:: Extracted material
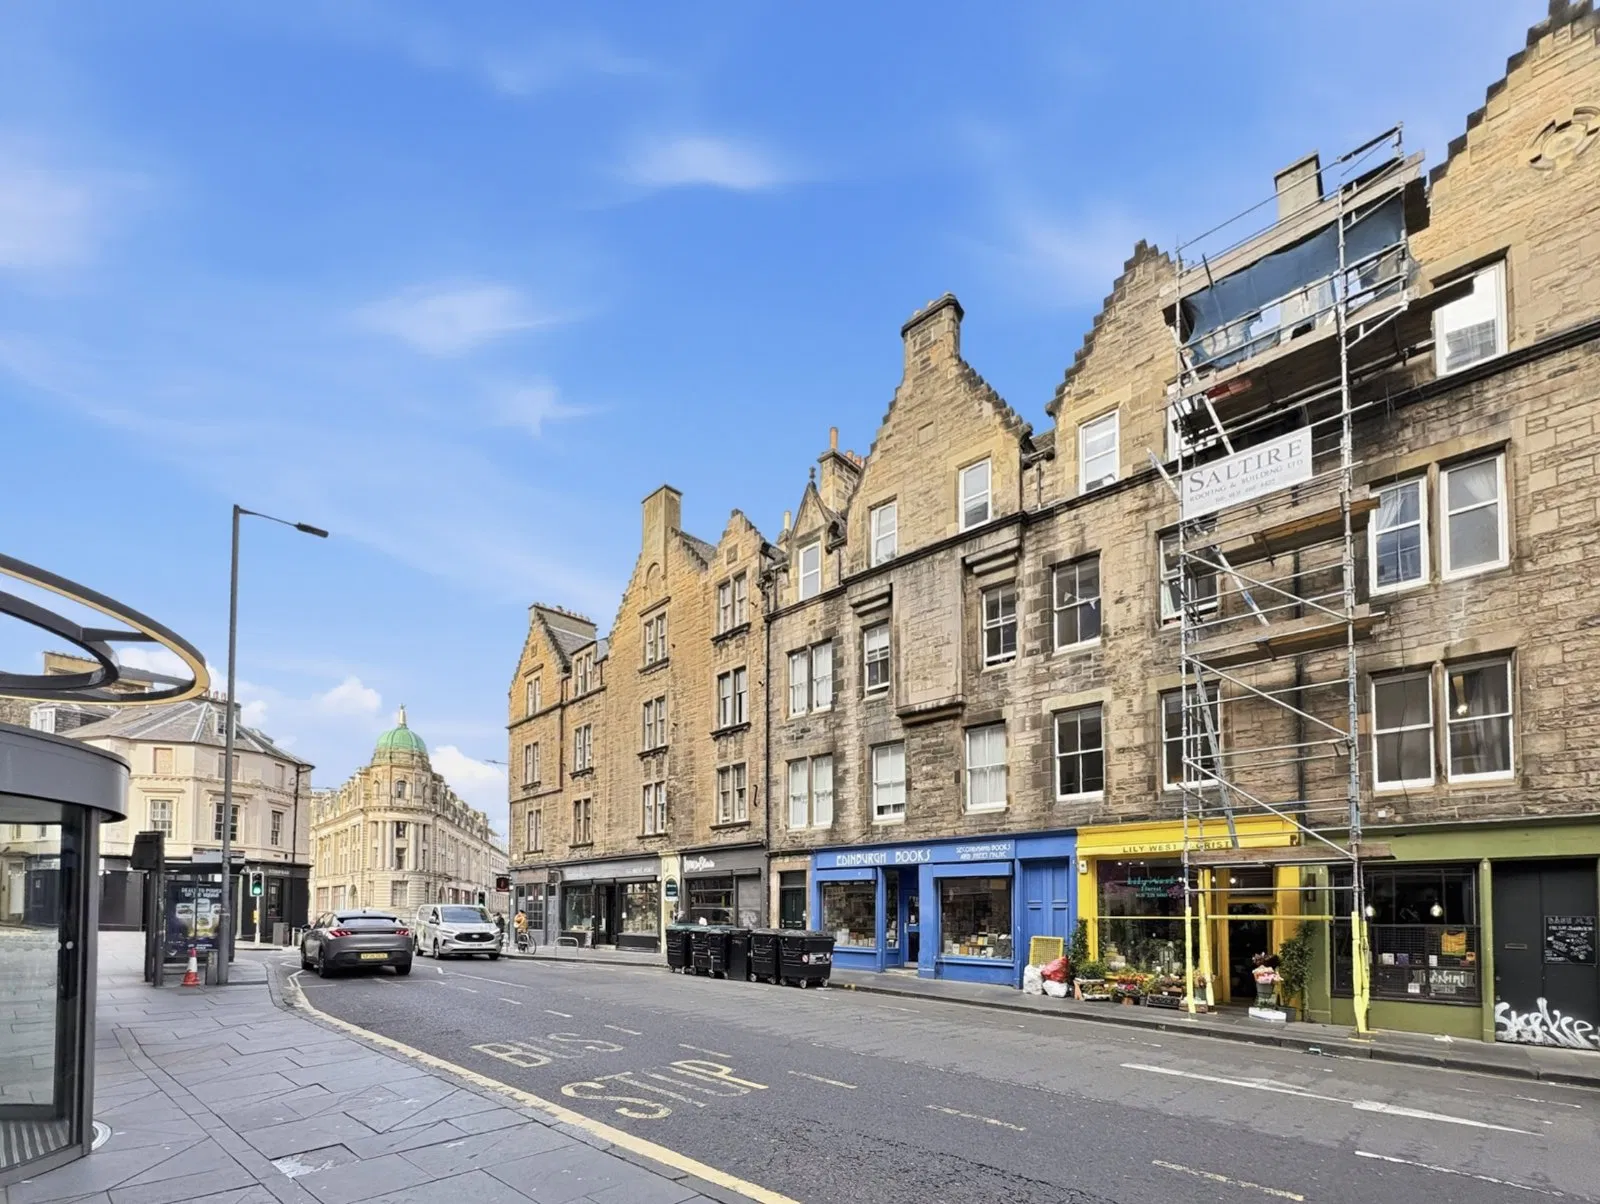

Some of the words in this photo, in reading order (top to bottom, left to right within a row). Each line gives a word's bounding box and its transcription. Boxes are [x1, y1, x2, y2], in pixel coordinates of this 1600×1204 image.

[1189, 439, 1303, 493] SALTIRE
[1241, 465, 1283, 485] BUILDING
[836, 851, 887, 866] EDINBURGH
[895, 848, 931, 863] BOOKS
[1122, 845, 1146, 853] LILY
[1149, 843, 1177, 852] WEST
[1189, 840, 1229, 850] ORIST
[470, 1032, 624, 1068] BUS
[560, 1059, 769, 1119] STOP
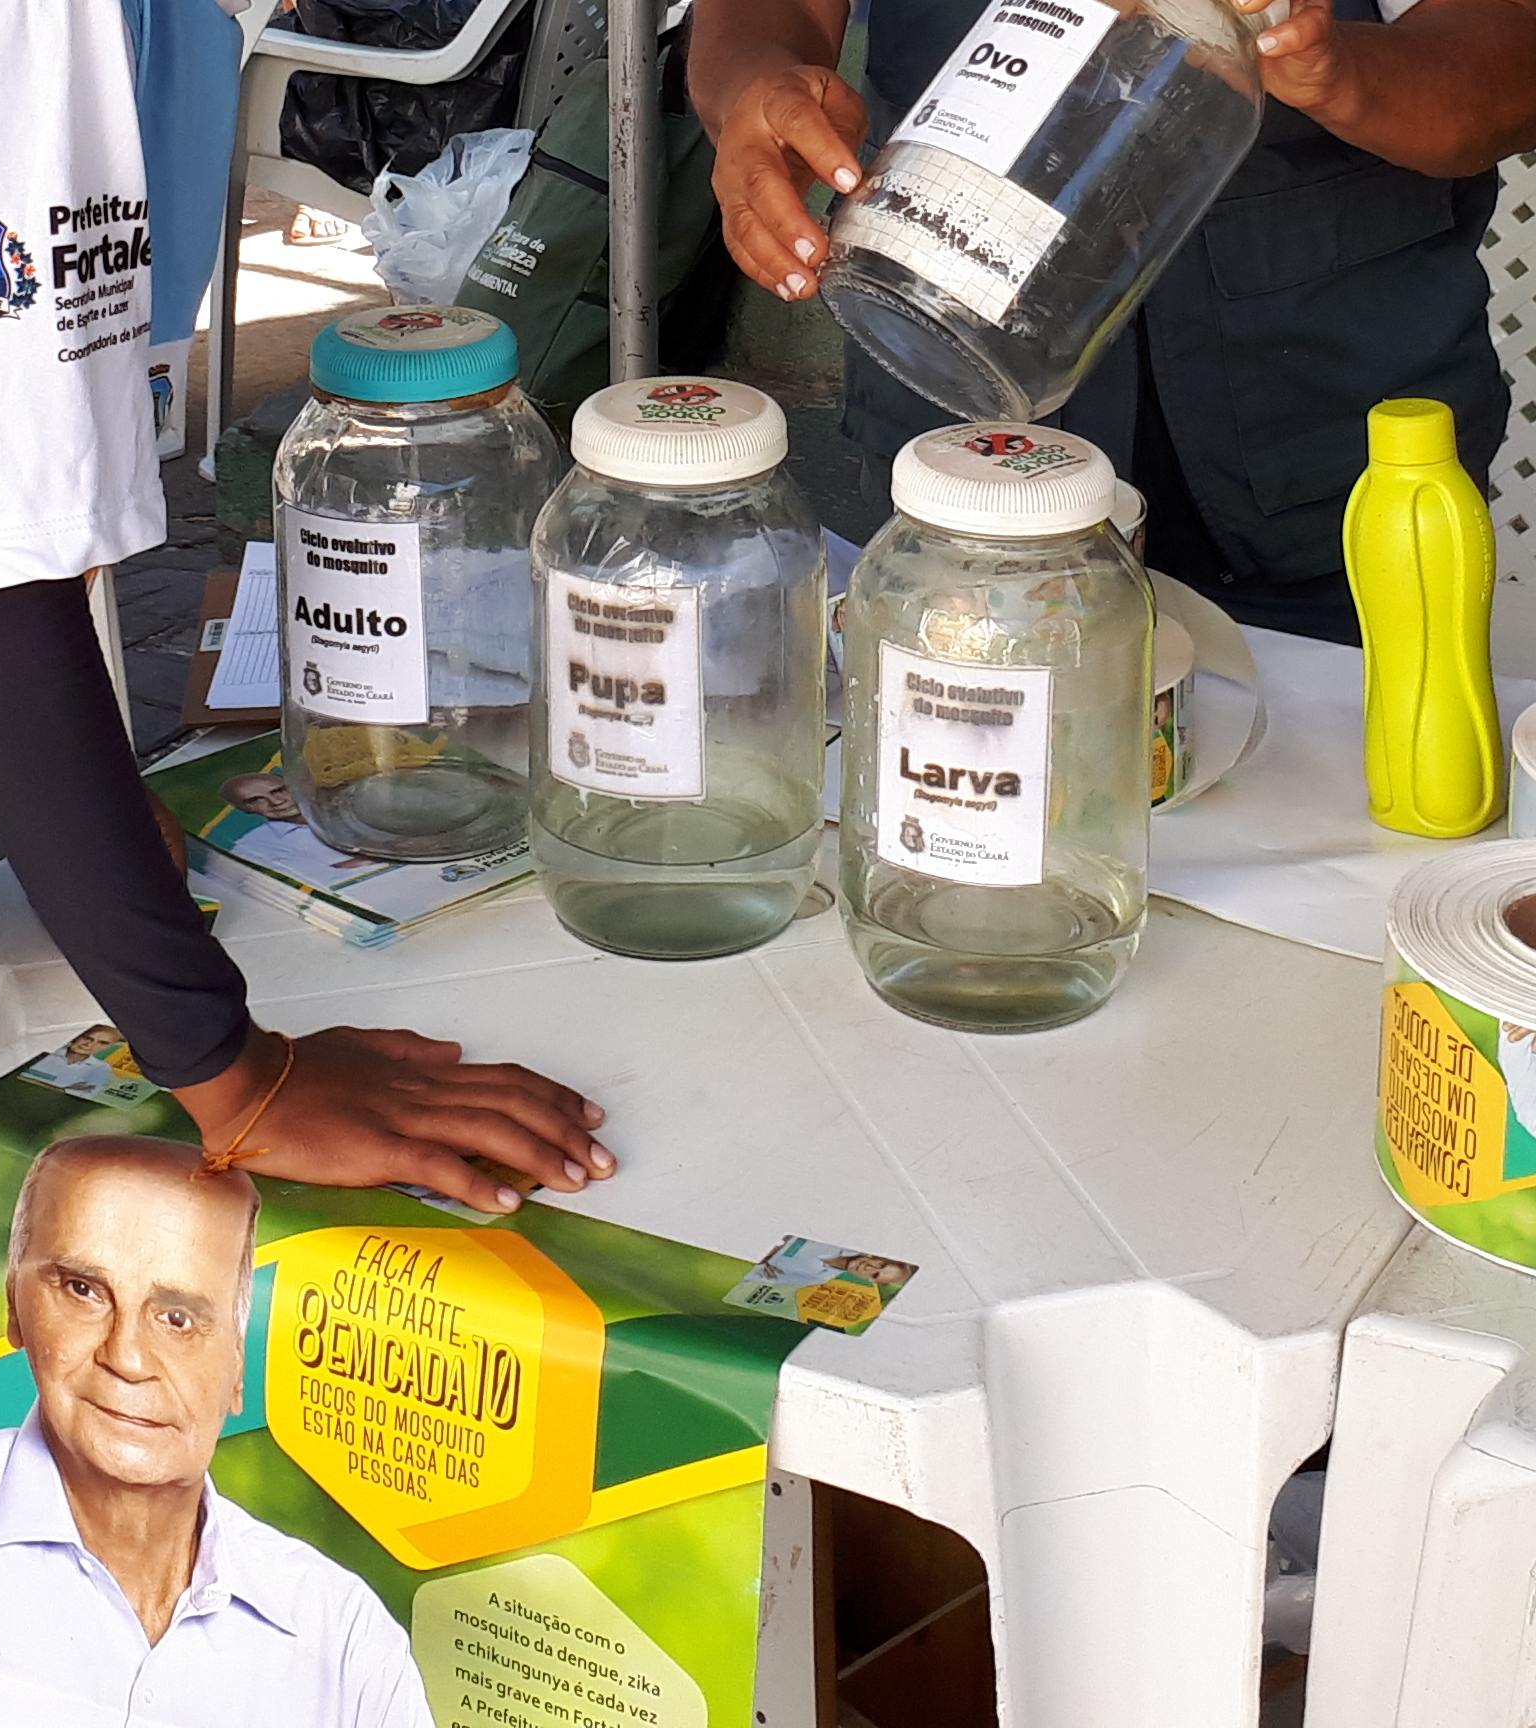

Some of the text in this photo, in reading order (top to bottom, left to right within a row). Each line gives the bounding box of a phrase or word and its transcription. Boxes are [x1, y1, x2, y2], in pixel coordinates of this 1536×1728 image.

[1009, 11, 1066, 40] mosquito
[968, 42, 1029, 78] Ovo
[56, 314, 75, 332] de
[100, 307, 108, 319] e
[641, 410, 717, 422] TODOS
[306, 550, 389, 576] do mosquito
[294, 595, 408, 638] Adulto
[568, 659, 666, 709] Pupa
[899, 746, 1022, 797] Larva
[1445, 1033, 1476, 1085] DE
[1387, 1069, 1478, 1160] O MOSQUITO
[1447, 1080, 1478, 1125] UM
[353, 1234, 444, 1294] FAÇA A
[330, 1269, 467, 1350] SUA PARTE.
[292, 1282, 328, 1368] 8
[326, 1316, 376, 1387] EM
[378, 1334, 467, 1418] CADA
[299, 1375, 485, 1459] FOCOS DO MOSQUITO
[302, 1404, 481, 1489] ESTÃO NA CASA DAS
[347, 1450, 433, 1504] PESSOAS.
[488, 1592, 626, 1656] A situação com o
[453, 1608, 662, 1698] mosquito da dengue, zika
[454, 1636, 658, 1726] e chikungunya é cada vez
[455, 1665, 570, 1721] mais grave em
::::
▶ _What to produce_
From the first line to the last, copy the records above exactly and drop any pictures.

▶ _Answer box_
Some of the words in this photo, in reading order (top to bottom, left to right within a row). Each line gives a word's bounding box and its transcription. Boxes are [x1, y1, x2, y2], in pixel coordinates of this 1600×1204 image.

[1189, 439, 1303, 493] SALTIRE
[1241, 465, 1283, 485] BUILDING
[836, 851, 887, 866] EDINBURGH
[895, 848, 931, 863] BOOKS
[1122, 845, 1146, 853] LILY
[1149, 843, 1177, 852] WEST
[1189, 840, 1229, 850] ORIST
[470, 1032, 624, 1068] BUS
[560, 1059, 769, 1119] STOP

Some of the text in this photo, in reading order (top to bottom, left to right within a row). Each line gives the bounding box of a phrase or word and its transcription. Boxes are [x1, y1, x2, y2], in pixel coordinates of this 1536×1728 image.

[1009, 11, 1066, 40] mosquito
[968, 42, 1029, 78] Ovo
[56, 314, 75, 332] de
[100, 307, 108, 319] e
[641, 410, 717, 422] TODOS
[306, 550, 389, 576] do mosquito
[294, 595, 408, 638] Adulto
[568, 659, 666, 709] Pupa
[899, 746, 1022, 797] Larva
[1445, 1033, 1476, 1085] DE
[1387, 1069, 1478, 1160] O MOSQUITO
[1447, 1080, 1478, 1125] UM
[353, 1234, 444, 1294] FAÇA A
[330, 1269, 467, 1350] SUA PARTE.
[292, 1282, 328, 1368] 8
[326, 1316, 376, 1387] EM
[378, 1334, 467, 1418] CADA
[299, 1375, 485, 1459] FOCOS DO MOSQUITO
[302, 1404, 481, 1489] ESTÃO NA CASA DAS
[347, 1450, 433, 1504] PESSOAS.
[488, 1592, 626, 1656] A situação com o
[453, 1608, 662, 1698] mosquito da dengue, zika
[454, 1636, 658, 1726] e chikungunya é cada vez
[455, 1665, 570, 1721] mais grave em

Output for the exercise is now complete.